Data extracted from a collection
•••
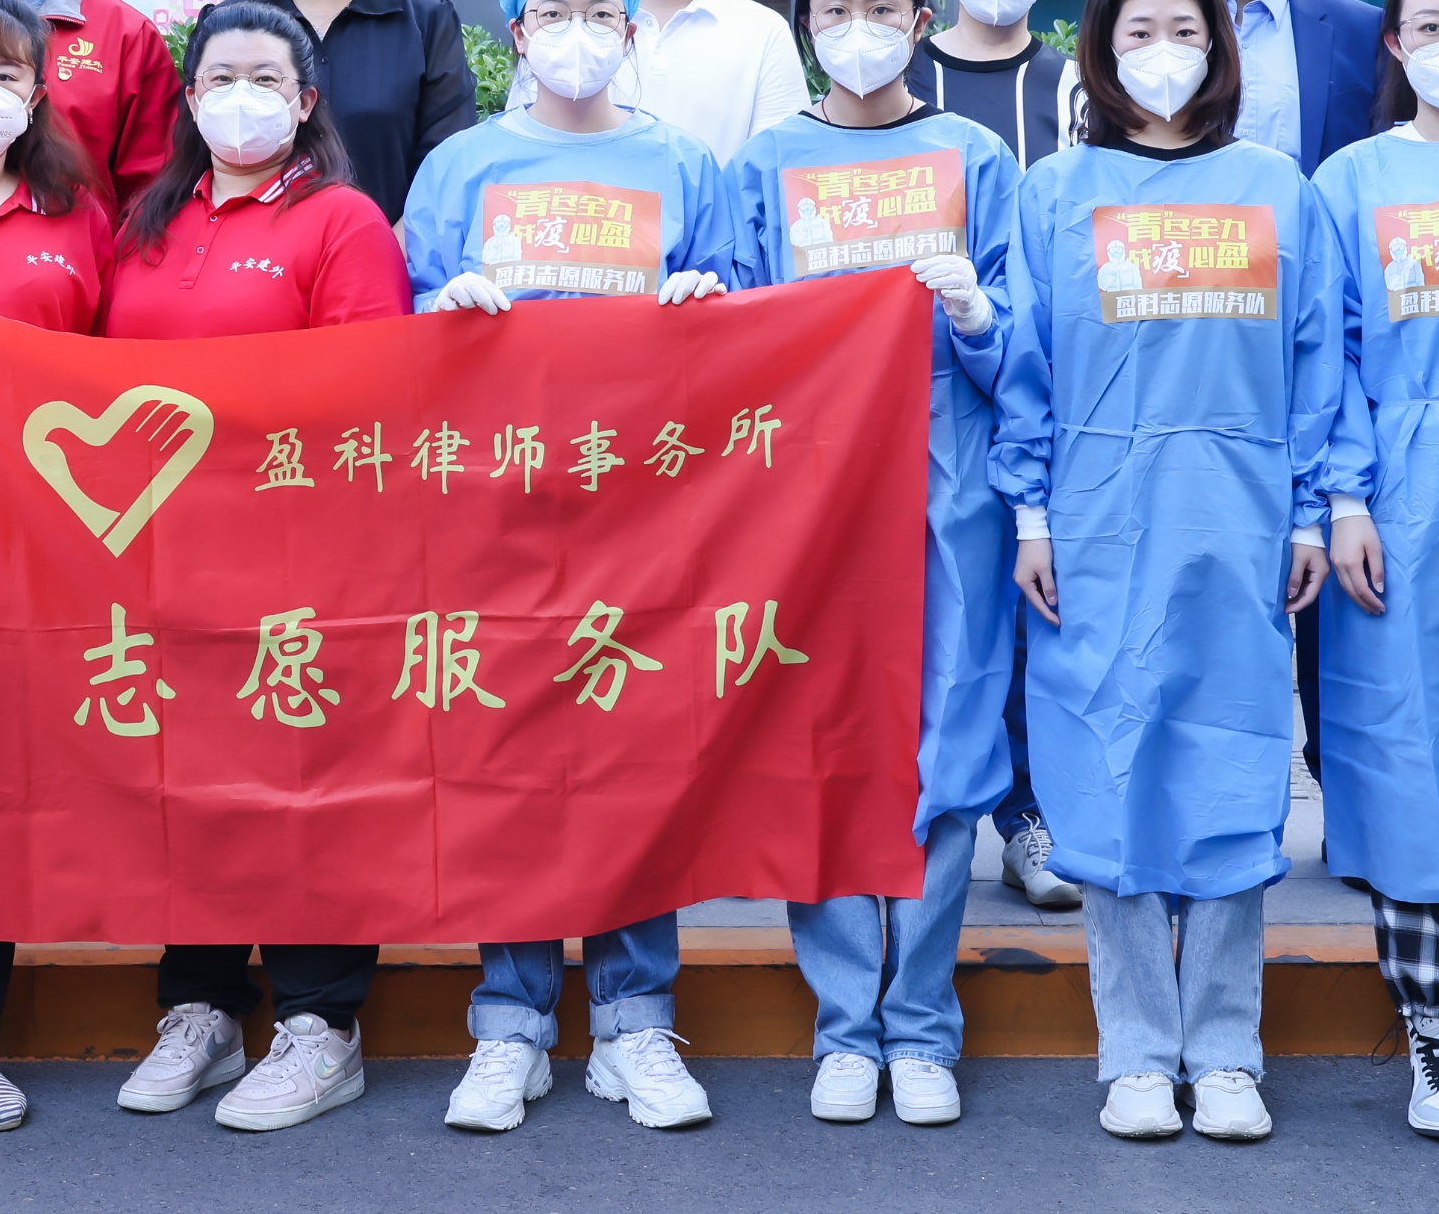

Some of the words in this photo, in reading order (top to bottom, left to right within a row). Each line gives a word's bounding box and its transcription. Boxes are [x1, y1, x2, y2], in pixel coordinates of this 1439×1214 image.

[807, 230, 958, 271] 盈科志愿服务队
[494, 261, 647, 294] 盈科志愿服务队
[1116, 291, 1265, 317] 盈科志愿服务队
[254, 403, 783, 495] 盈科律师事务所
[73, 598, 810, 738] 志愿服务队
•••
_Work request:_ Although the records include pictures, output only their text, exactly and completely.

_Response to the exercise:_
Some of the words in this photo, in reading order (top to bottom, left to right within a row). Each line gives a word's bounding box and its transcription. Boxes are [x1, y1, x2, y2], in pixel coordinates of this 1439×1214 image.

[807, 230, 958, 271] 盈科志愿服务队
[494, 261, 647, 294] 盈科志愿服务队
[1116, 291, 1265, 317] 盈科志愿服务队
[254, 403, 783, 495] 盈科律师事务所
[73, 598, 810, 738] 志愿服务队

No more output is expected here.